As the average grain size of the filler becomes smaller, the dispersion thereof generally becomes more difficult. Therefore, the agglomeration tendency of the filler is generally enhanced. However, the filler employed in the present invention exhibits excellent dispersibility. A preferable amount of the filler in the intermediate layer is between 10 and 90 wt % with a more preferred amount between 5.0 and 80 wt %.
Suitable examples of the binder resin employed in the intermediate layer include a phenolic resin, a polyurethane, a polyamide, a polyimide, a polyamide-imide, a polyamide acid, a polyvinyl acetal, an epoxy resin, an acrylic resin, a melamine resin, a polyester and any combination of these resins. Such resins adhere well to the supporting member, improve dispersibility of the filler used in the present invention, and assure excellent solvent resistance of the formed film. Among the above-mentioned resins, a phenolic resin, a polyurethane and a polyamide acid are particularly preferable.

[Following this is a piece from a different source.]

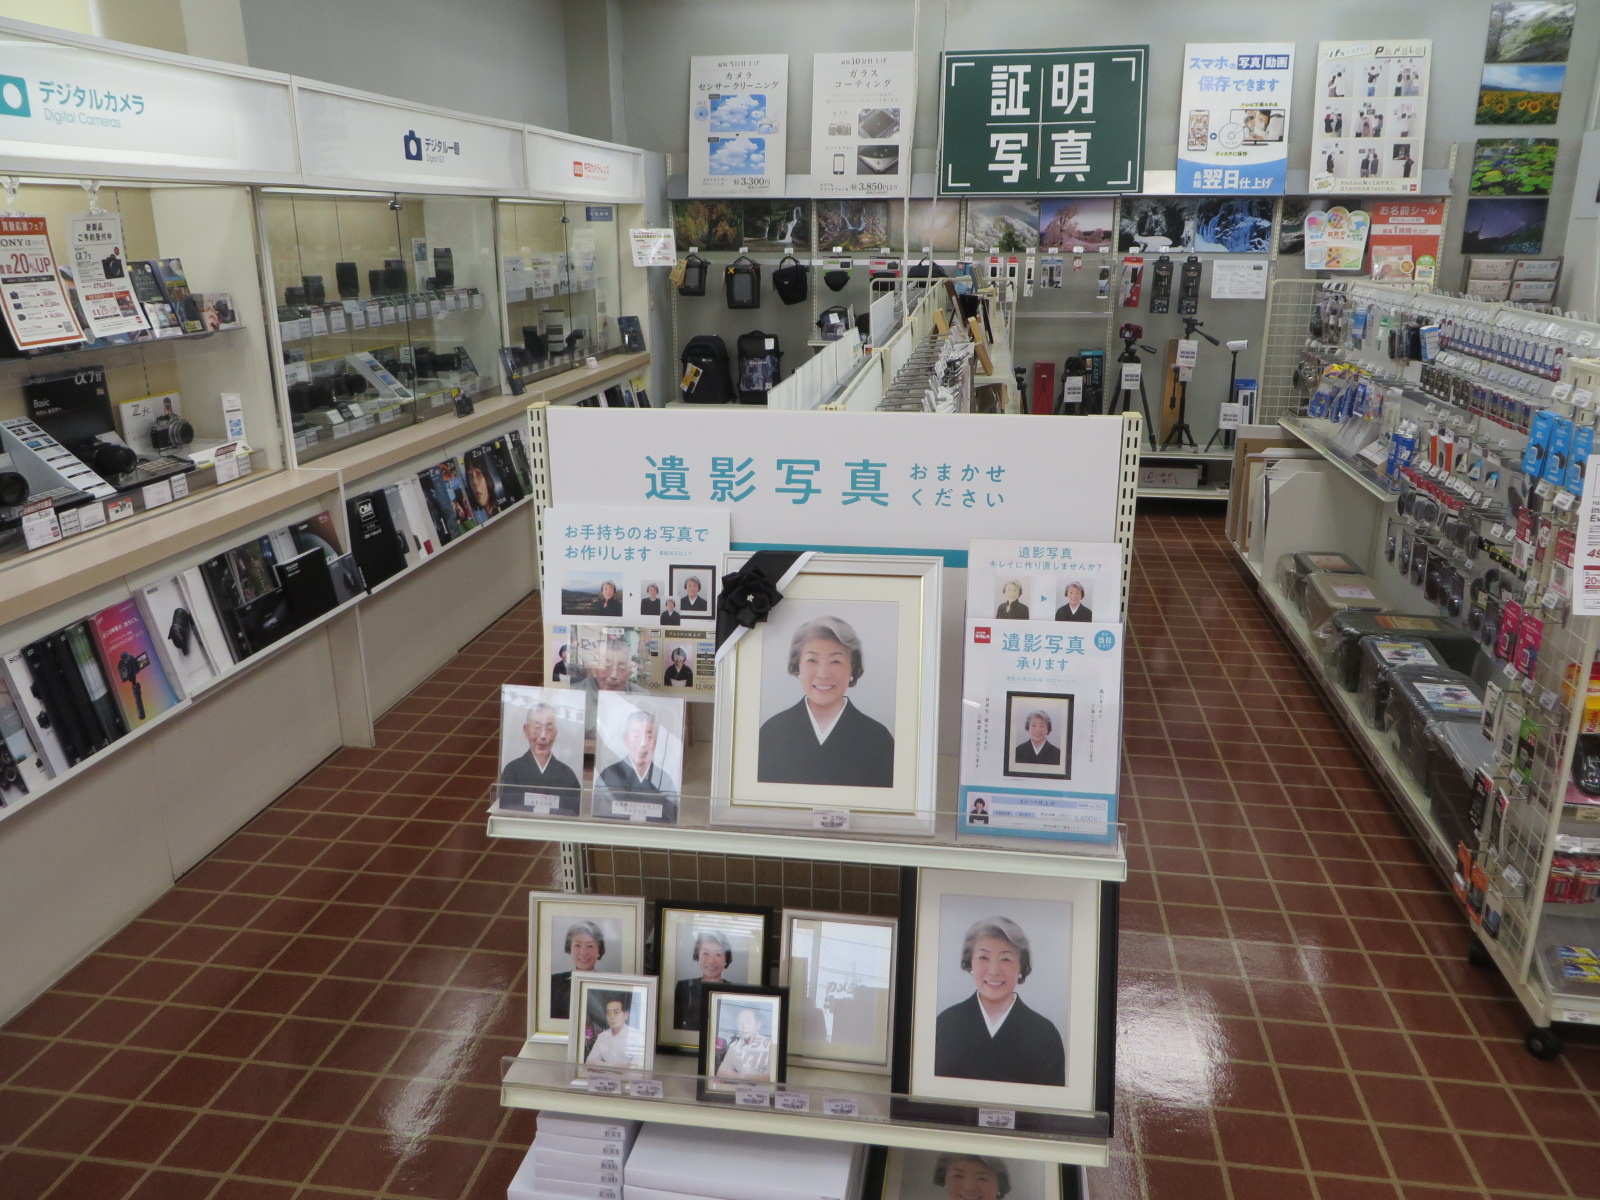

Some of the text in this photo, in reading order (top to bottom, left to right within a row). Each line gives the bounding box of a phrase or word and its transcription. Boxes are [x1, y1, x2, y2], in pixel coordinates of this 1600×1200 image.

In order to improve the dispersibility of the filler, the surface of the filler may be treated using a treating agent, such as a coupling agent (including a silane coupling agent and a titanium coupling agent) or a silicone oil. The treating agent may be contained in the binder of the intermediate layer.
A preferable thickness of the intermediate layer is between 0.1 and 30 .mu.m, with a more preferable thickness ranging between 0.5 and 10 .mu.m. The volume resistivity of the intermediate layer is preferably 10.sup.13 .OMEGA.cm or less, more preferably, 10.sup.12 .OMEGA.cm or less and 10 .OMEGA.cm or more. Preferred results are obtained when the volume resistivity is from about 10.OMEGA. cm to 10.sup.13 .OMEGA.cm. A volume resistivity of an intermediate layer can be measured as follows.
A sample of an intermediate layer is applied onto an aluminum plate. On the coated aluminum plate, a thin film of gold is formed. A value of a current carried between the aluminum plate (as an electrode) and the gold thin film (as an electrode) is measured by using a pA meter to obtain a volume resistivity.
In addition to a powder which comprises the fine particles of tin oxide containing phosphorus, the intermediate layer may also contain a filler which comprises a powder of zinc oxide or titanium oxide. Further, a leveling agent may also be added to the intermediate layer in order to improve the leveling thereof.
The photoconductive layer according to the present invention may either be a single layer or a laminate structure of at least a charge generating layer and a charge transporting layer.
If the photoconductive layer is a single layer, a charge generating substance and a charge transporting substance are present in that layer so that light carriers can be generated and transported in the same layer.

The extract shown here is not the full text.